After the implementation of several major new standards in recent years, including IFRS 9, 15 and 16, there are no new standards effective this year. There are, however, a few amendments to existing IFRS standards that became effective for periods beginning on or after 1 January 2020 and which therefore need to be reflected in June 2020 half year reports. We summarise the key changes below.
Amendments to IFRS 3: Definition of a business
The definition of a business in IFRS 3: Business Combinations has been amended in order to help companies determine whether a transaction should be accounted for as a business combination or as an asset acquisition. This is likely to result in more acquisitions being accounted for as asset acquisitions. The key changes are as follows:
- The new definition emphasises that the output of a business is to provide goods and services to customers, whereas the previous definition focused on returns in the form of dividends, lower costs or other economic benefits to investors and others.
- To be considered a business, an acquisition must include, as a minimum, an input and a substantive process that together significantly contribute to the ability to create outputs. Additional guidance and illustrative examples are provided for assessing whether substantive processes have been acquired, including for an early stage company that has not yet generated revenue and does not have any outputs. If there are no outputs, then a substantive process will only be present if there is an organised workforce.

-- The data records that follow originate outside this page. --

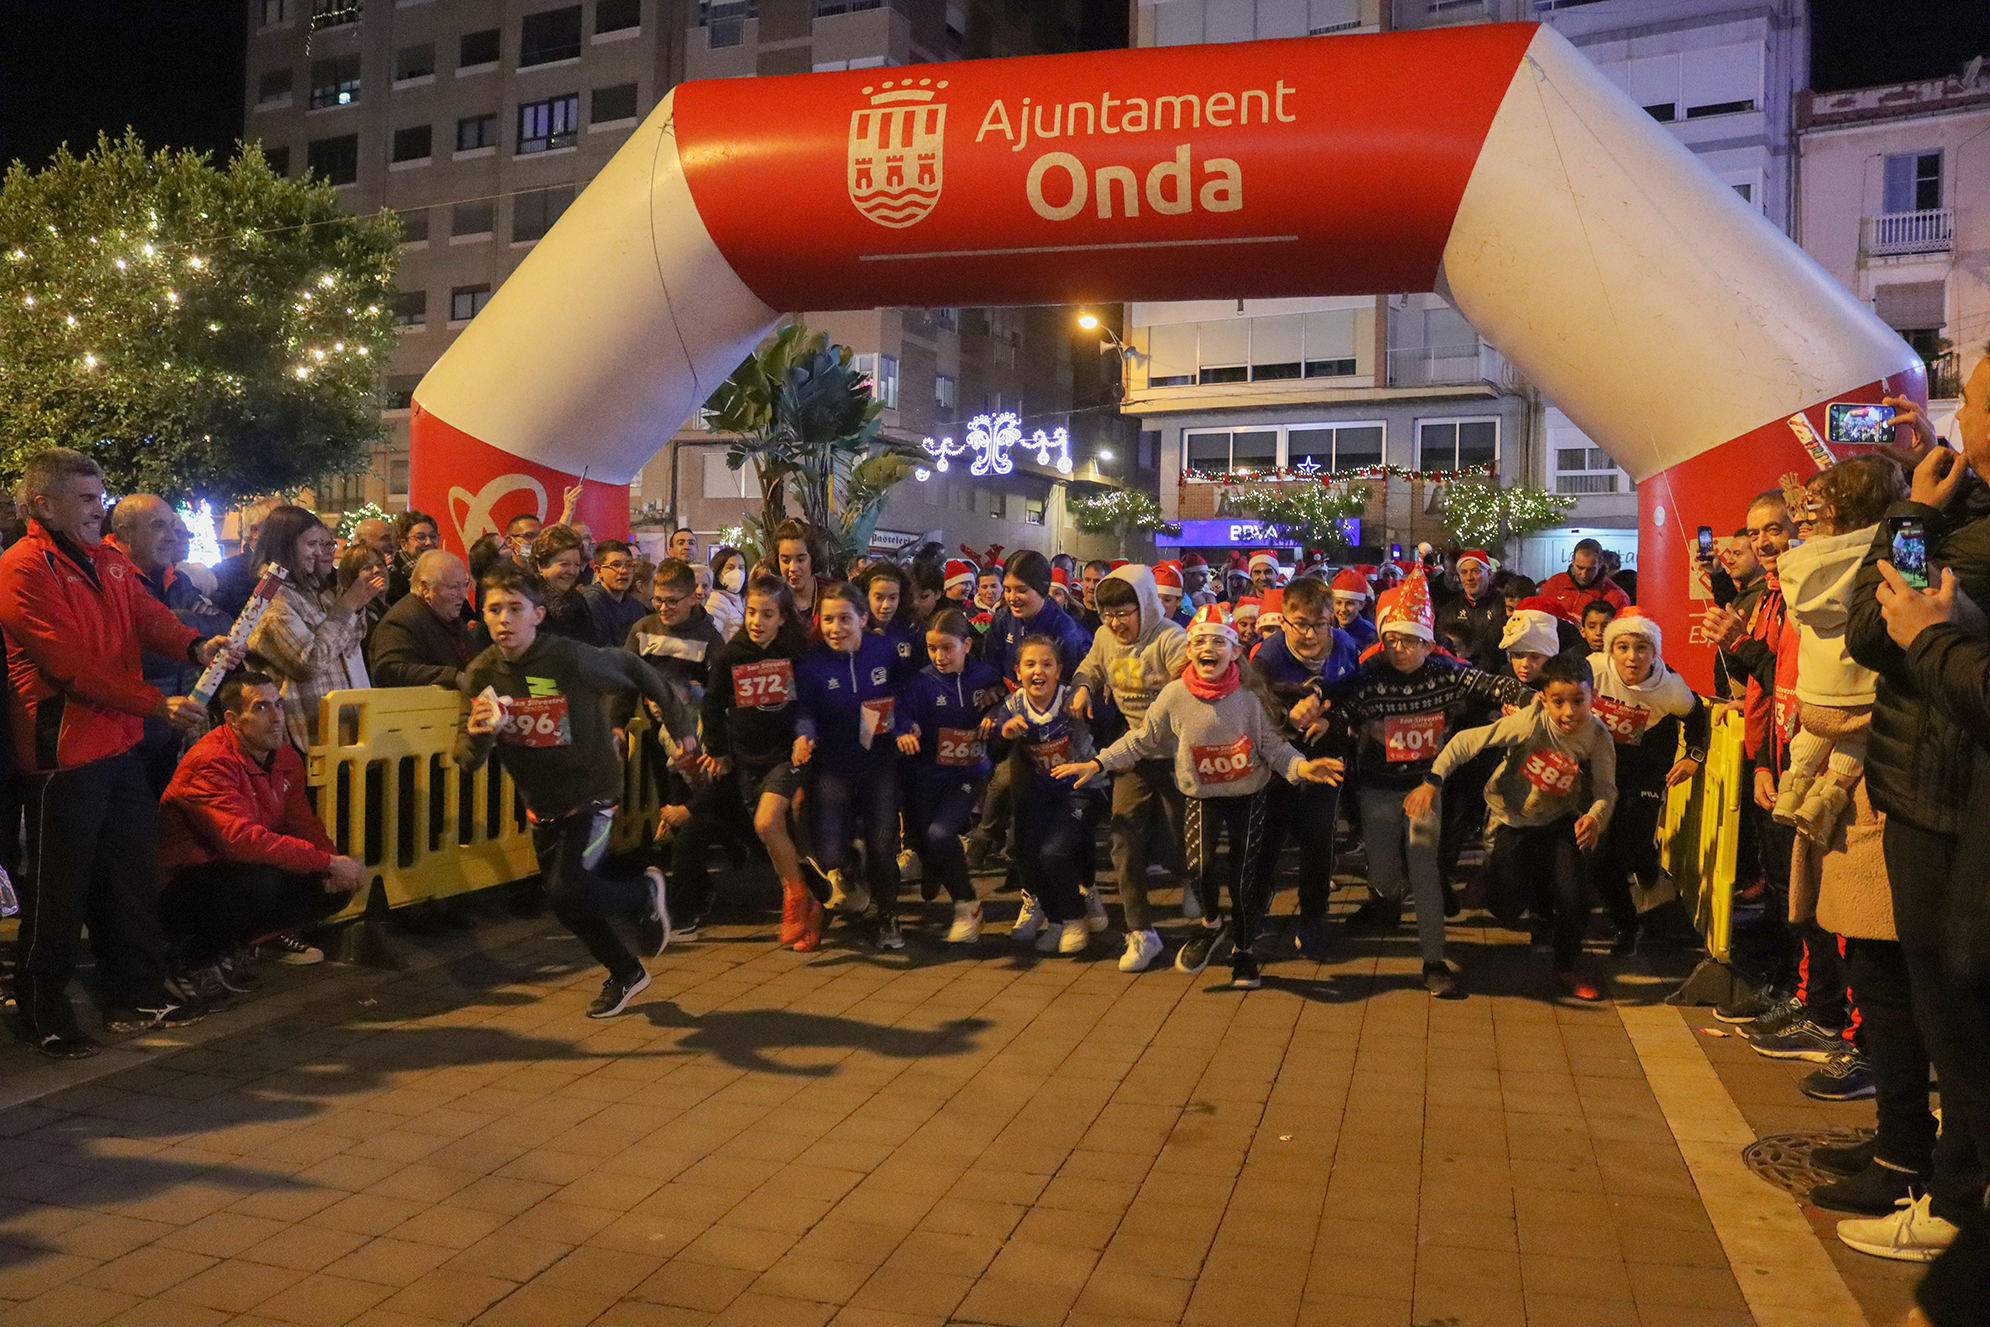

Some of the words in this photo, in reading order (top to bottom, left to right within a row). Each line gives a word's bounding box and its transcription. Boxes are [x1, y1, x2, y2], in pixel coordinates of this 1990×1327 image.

[975, 79, 1297, 152] Ajuntament
[1026, 143, 1244, 221] Onda
[738, 674, 782, 697] 372
[527, 698, 565, 707] Silvestre
[1604, 701, 1617, 709] San
[1618, 705, 1649, 716] Silvestre
[502, 713, 555, 736] 396
[1415, 714, 1444, 722] Silvestre
[1389, 728, 1434, 750] 401
[1198, 753, 1248, 775] 400
[1526, 755, 1575, 790] 388
[1640, 790, 1660, 799] FILA

- An optional ‘concentration test’ has been introduced to permit a simplified assessment of whether an acquired set of activities and assets is not a business. A transaction will treated as an acquisition of assets (ie not a business) if substantially all of the fair value of the gross assets acquired is concentrated in a single identifiable asset or groups of similar identifiable assets. The test could be useful for acquisitions of, for example, investment property holding companies or early stage exploration companies in the natural resources sector.

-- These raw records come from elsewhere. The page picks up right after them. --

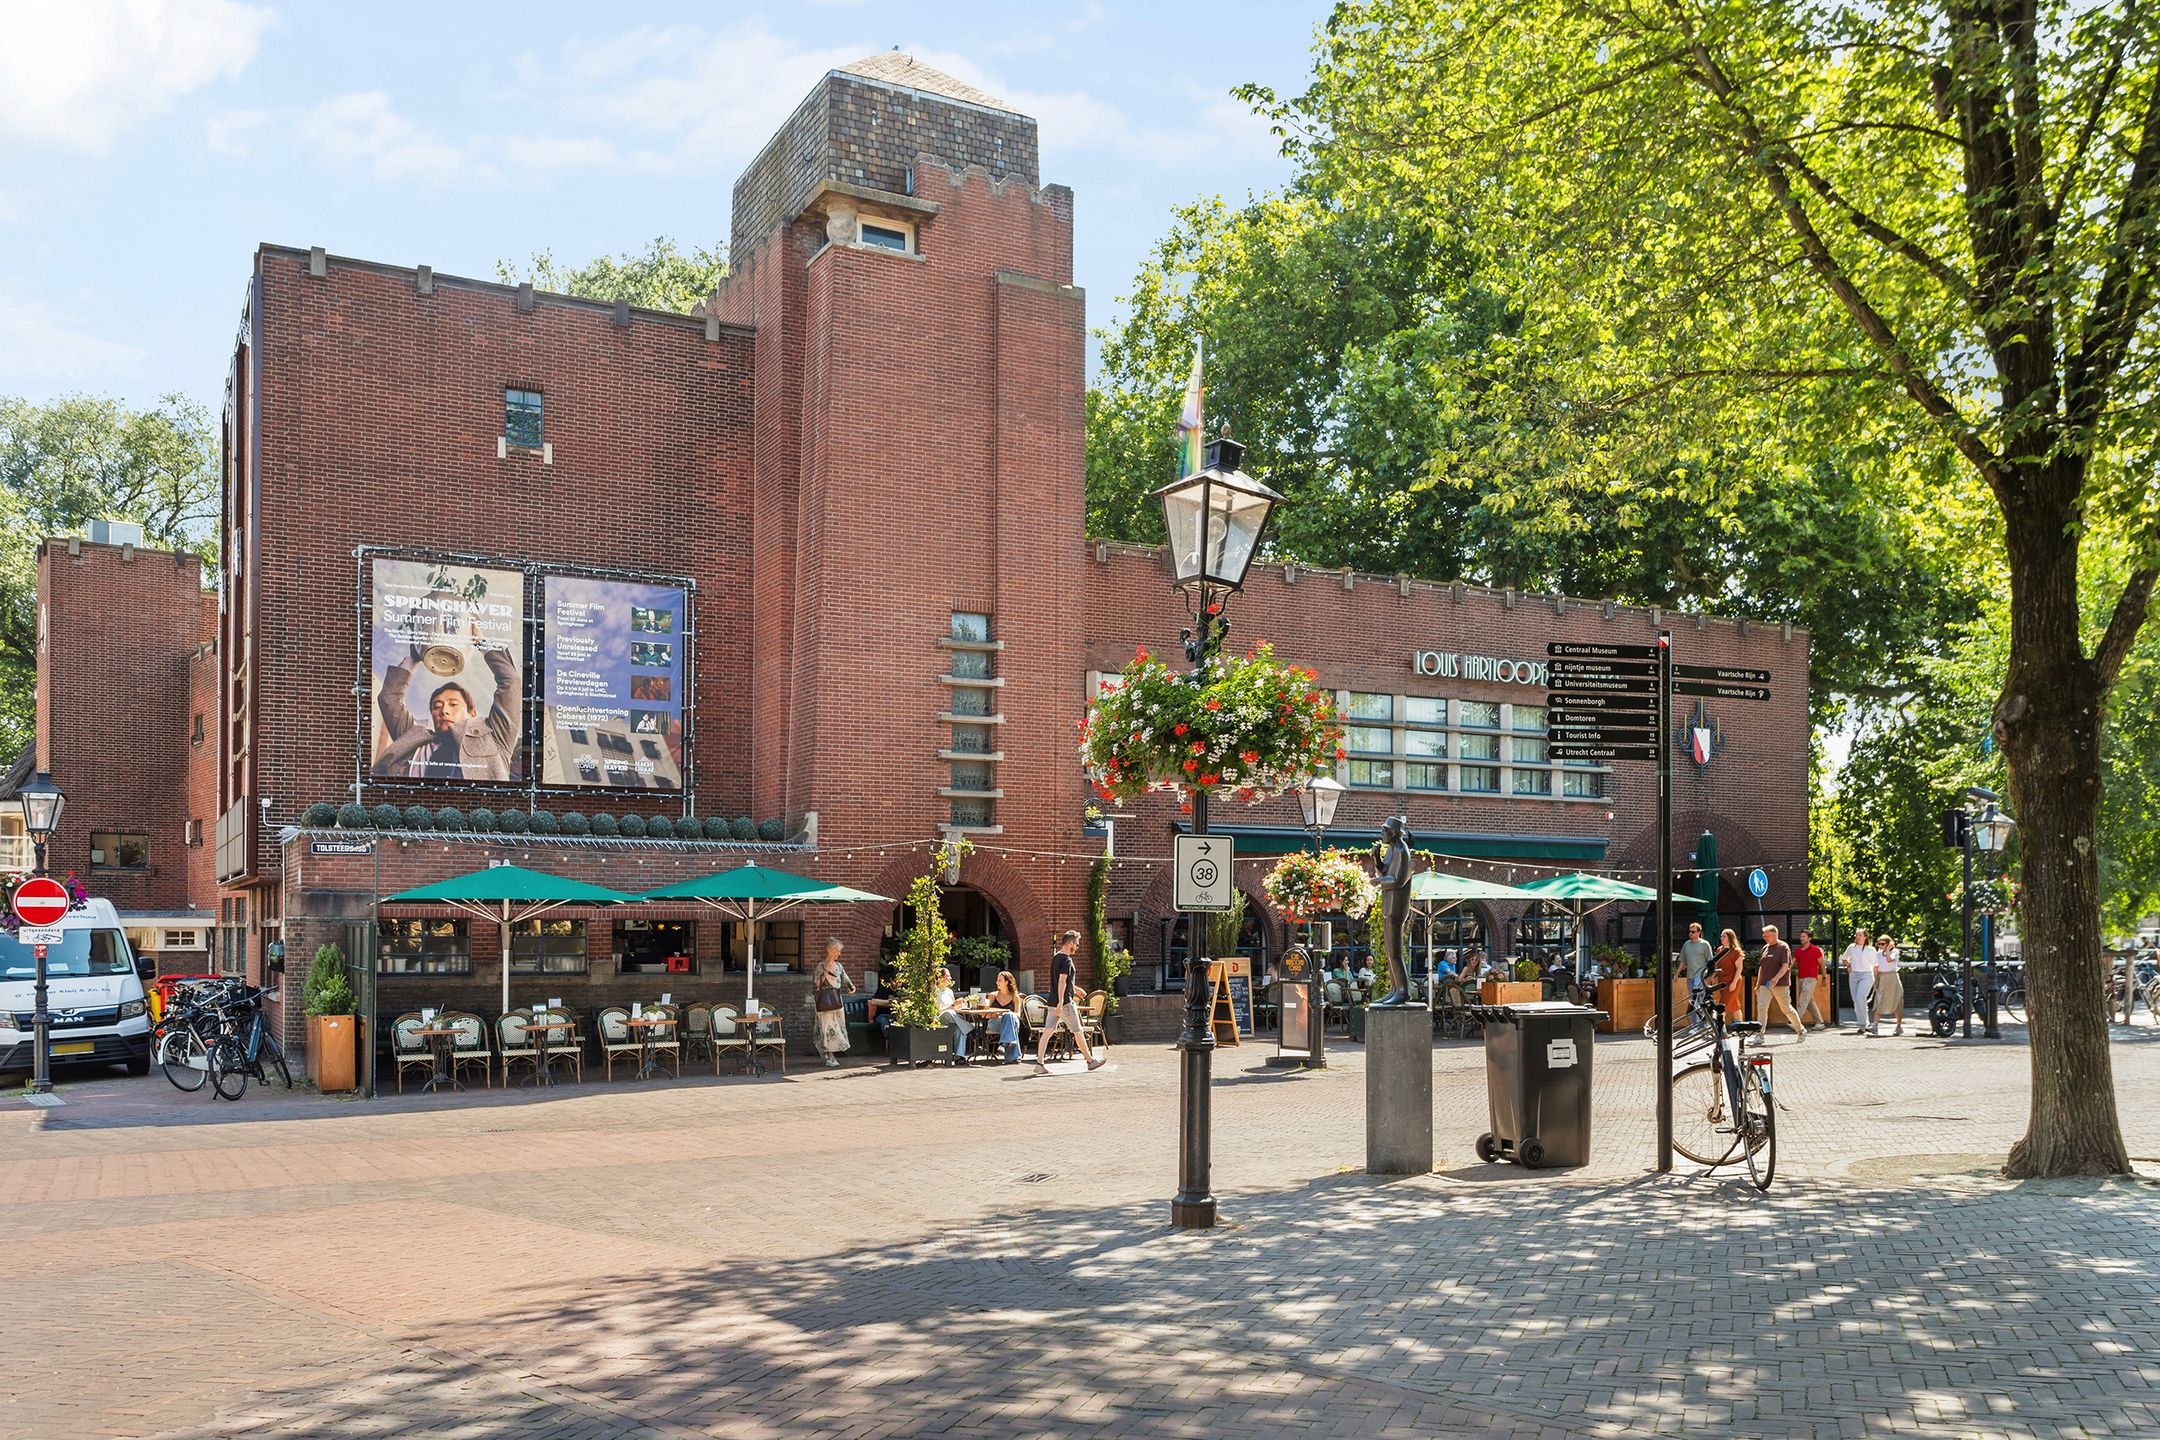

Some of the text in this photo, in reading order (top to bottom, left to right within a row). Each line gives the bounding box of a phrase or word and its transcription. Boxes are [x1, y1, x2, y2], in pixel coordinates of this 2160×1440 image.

[383, 594, 513, 617] SPRINGHAVER
[557, 600, 605, 611] Summer Film
[557, 608, 586, 617] Festival
[383, 610, 512, 631] Summer Film Festival
[557, 635, 595, 645] Previously
[557, 643, 598, 652] Unreleased
[1565, 646, 1591, 654] Centraal
[1415, 650, 1548, 687] LOUIS HARTLOOPE
[1565, 664, 1585, 672] nijntje
[557, 669, 600, 679] De Cineville
[1717, 670, 1756, 680] Vaartsche Rijn
[557, 677, 608, 688] Previewdagen
[1565, 680, 1628, 689] Universiteitsmuseum
[1717, 688, 1756, 698] Vaartsche Rijn
[1565, 697, 1605, 707] Sonnenborgh
[556, 704, 629, 717] Openluchtvertoning
[556, 712, 609, 722] Cabaret (1972)
[1565, 714, 1596, 722] Domtoren
[1565, 748, 1588, 756] Utrecht
[1196, 868, 1213, 881] 38
[53, 1016, 84, 1024] MAN

The amendments are effective for acquisitions that occur in periods beginning on or after 1 January 2020.
Amendments to IAS 1 and IAS 8: Definition of material
The definition of material has been amended in IAS 1: Presentation of Financial Statements and IAS 8: Accounting Policies, Changes in Accounting Estimates and Errors and should be considered when deciding what information should be included in financial statements.
The new definition of material is:
“Information is material if omitting, misstating or obscuring it could reasonably be expected to influence the decisions that the primary users of general purpose financial statements make on the basis of those financial statements”.
The definition includes as a new concept that obscuring information may be relevant in determining whether something is material to the financial statements. The definition has also been narrowed with the focus on “primary users” instead of “users” and the wording “could reasonably be expected to influence”.
Amendments to IAS 39, IFRS 9 and IFRS 7: Interest Rate Benchmark Reform
Phase 1 of the interest rate benchmark (IBOR) reform amendments is now effective and relates to changes to IAS 39 Financial Instruments: Recognition and Measurement, IFRS 9 Financial Instruments and IFRS 7 Financial Instruments: Disclosures.
As a reminder, IBORs (or interbank offered rates) are interest reference rates, for example LIBOR. They are now to be replaced with risk-free interest rates that are based on transaction data. The replacement of IBORs results in a number of potential accounting complexities for companies so the IASB has been working to introduce reliefs to address these issues. These are split into two phases: phase 1 and phase 2.
Phase 1 of these amendments focus on ‘pre-replacement’ accounting issues specifically related to hedge accounting during the period of uncertainty prior to IBORs being replaced.
A number of reliefs have been introduced which will effectively allow preparers to disregard IBOR reform when evaluating whether hedging relationships should be discontinued under IAS 39 and IFRS 9. It is important to note that any hedge ineffectiveness arising must still be recognised in profit or loss. IFRS 7 has also been amended to include new qualitative disclosures.